Meu nome é Lua
Só Lua mesmo.
Desde a infância, a escrita foi meu refúgio mais natural. Aprendi o sabor das palavras com o incentivo da minha avó materna — poetisa, professora de português com vários livros publicados. Com ela, descobri que escrever é uma forma de sentir e de colorir o mundo.
Profissionalmente, segui carreira na publicidade, me especializei em planejamento estratégico. Trabalhei em grandes empresas, me aprofundei em Estratégias de Consumo e em Neurociência Comportamental. Sempre me interessaram as pessoas, seus comportamentos, seus porquês. Mas a escrita permaneceu, silenciosa, como uma espécie de abrigo reservado, como uma parte minha que não tinha coragem de mostrar.
Até que uma noite eu sonhei, literalmente. Tive um sonho com uma história inteira, um roteiro pronto, com início, meio, fim e personagens tão vivos que pareciam me conhecer. Acordei com aquela narrativa dentro de mim e comecei a escrever. Aos poucos, percebi que seria inevitável, eu precisava escrever.

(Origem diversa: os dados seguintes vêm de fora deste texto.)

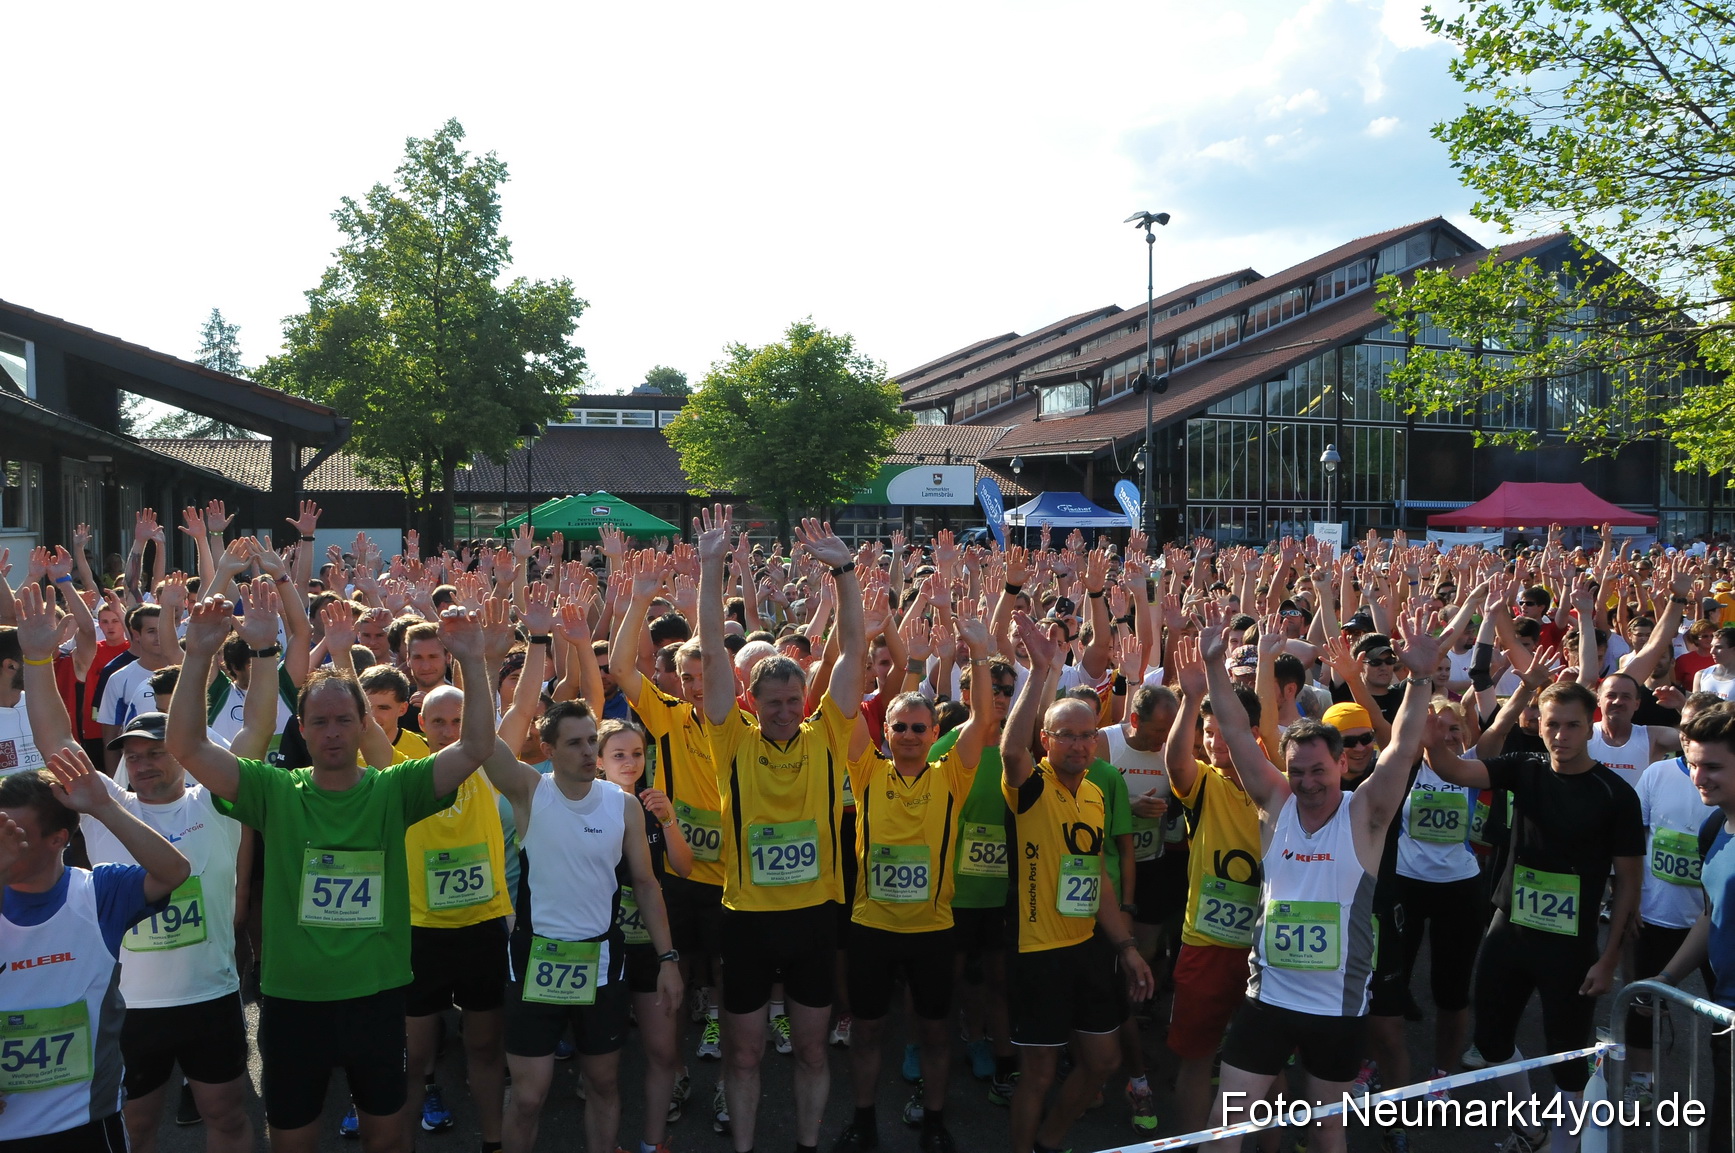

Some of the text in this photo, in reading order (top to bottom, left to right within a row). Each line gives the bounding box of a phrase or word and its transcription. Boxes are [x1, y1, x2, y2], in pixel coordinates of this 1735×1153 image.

[1057, 504, 1092, 512] Fischer
[0, 760, 17, 768] ORK
[1129, 768, 1165, 776] KLEBL
[584, 826, 603, 834] Stefan
[1417, 807, 1460, 830] 208
[676, 818, 720, 850] 300
[751, 842, 817, 871] 1299
[968, 841, 1008, 865] 582
[1295, 852, 1335, 863] KLEBL
[434, 865, 484, 895] 735
[871, 863, 928, 889] 1298
[1065, 876, 1099, 902] 228
[311, 877, 372, 909] 574
[1028, 862, 1037, 923] Deutsche Post
[1515, 886, 1577, 920] 1124
[1203, 898, 1254, 931] 232
[1274, 924, 1328, 953] 513
[11, 952, 77, 972] KLEBL
[535, 961, 588, 990] 875
[0, 1031, 75, 1073] 547
[12, 1071, 40, 1080] Wolfgang
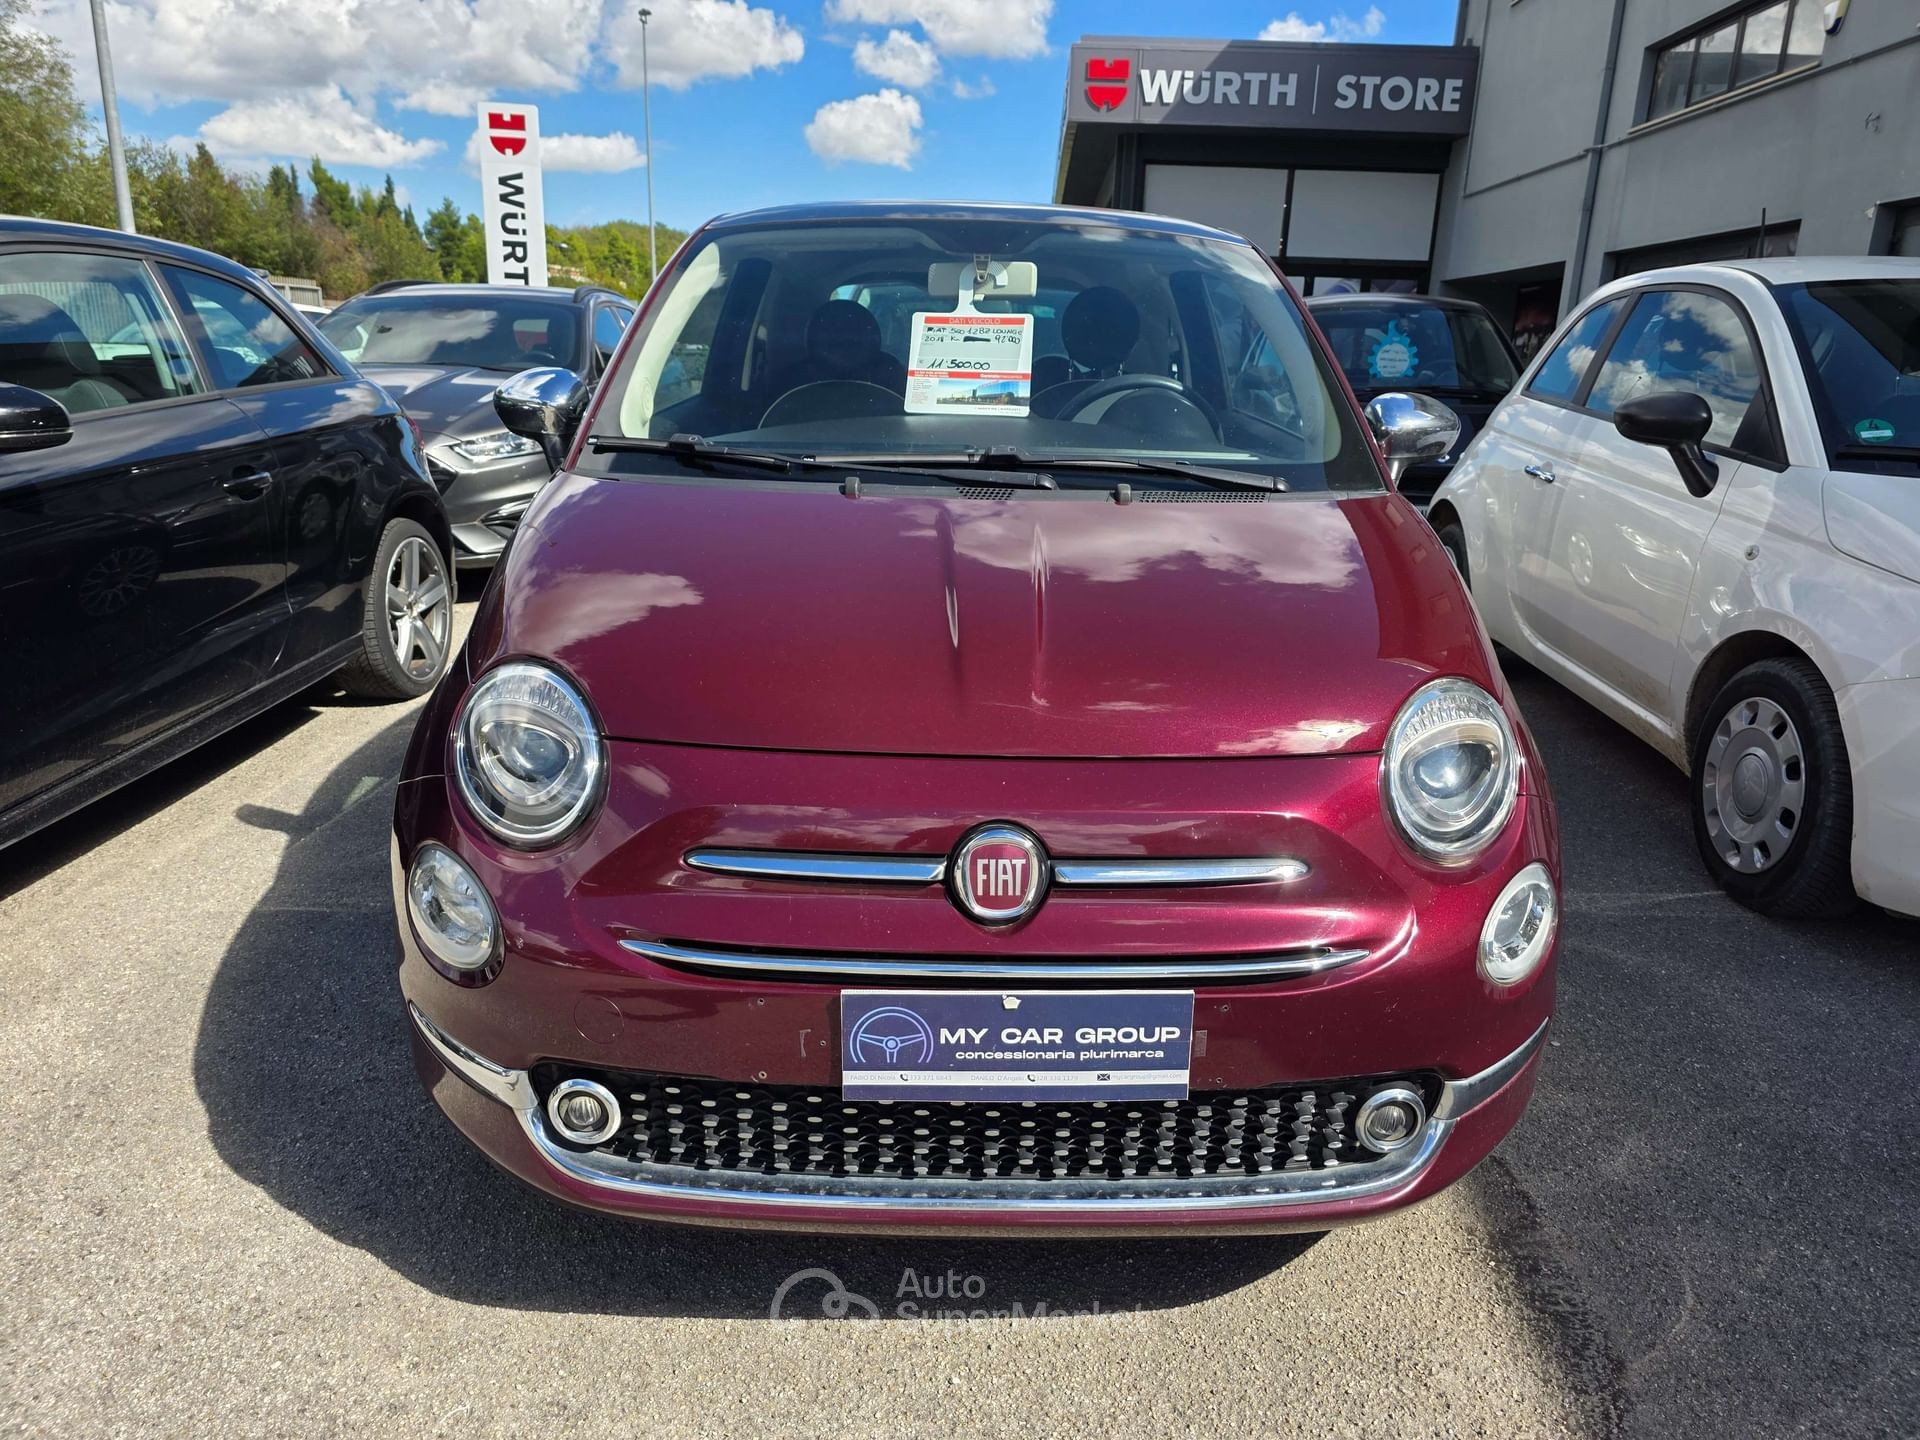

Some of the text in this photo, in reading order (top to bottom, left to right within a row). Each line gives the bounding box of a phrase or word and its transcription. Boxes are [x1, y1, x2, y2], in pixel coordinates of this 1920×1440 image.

[1140, 68, 1463, 112] WÜRTH STORE
[498, 172, 530, 286] WÜRT
[967, 317, 1001, 325] VEICOLO
[977, 859, 1027, 896] FIAT
[939, 1026, 1181, 1044] MY CAR GROUP
[955, 1049, 1165, 1061] concessionaria plurimarca

A escrita voltou como um reencontro comigo mesma. Tornou-se também cura, escuta, caminho. O que começou como sonho transformou-se em propósito: publicar meu primeiro livro.
Se essa história tocar alguém, se fizer companhia, se oferecer acolhimento, já terá cumprido seu papel. Porque, de algum modo, ela já cumpriu o meu.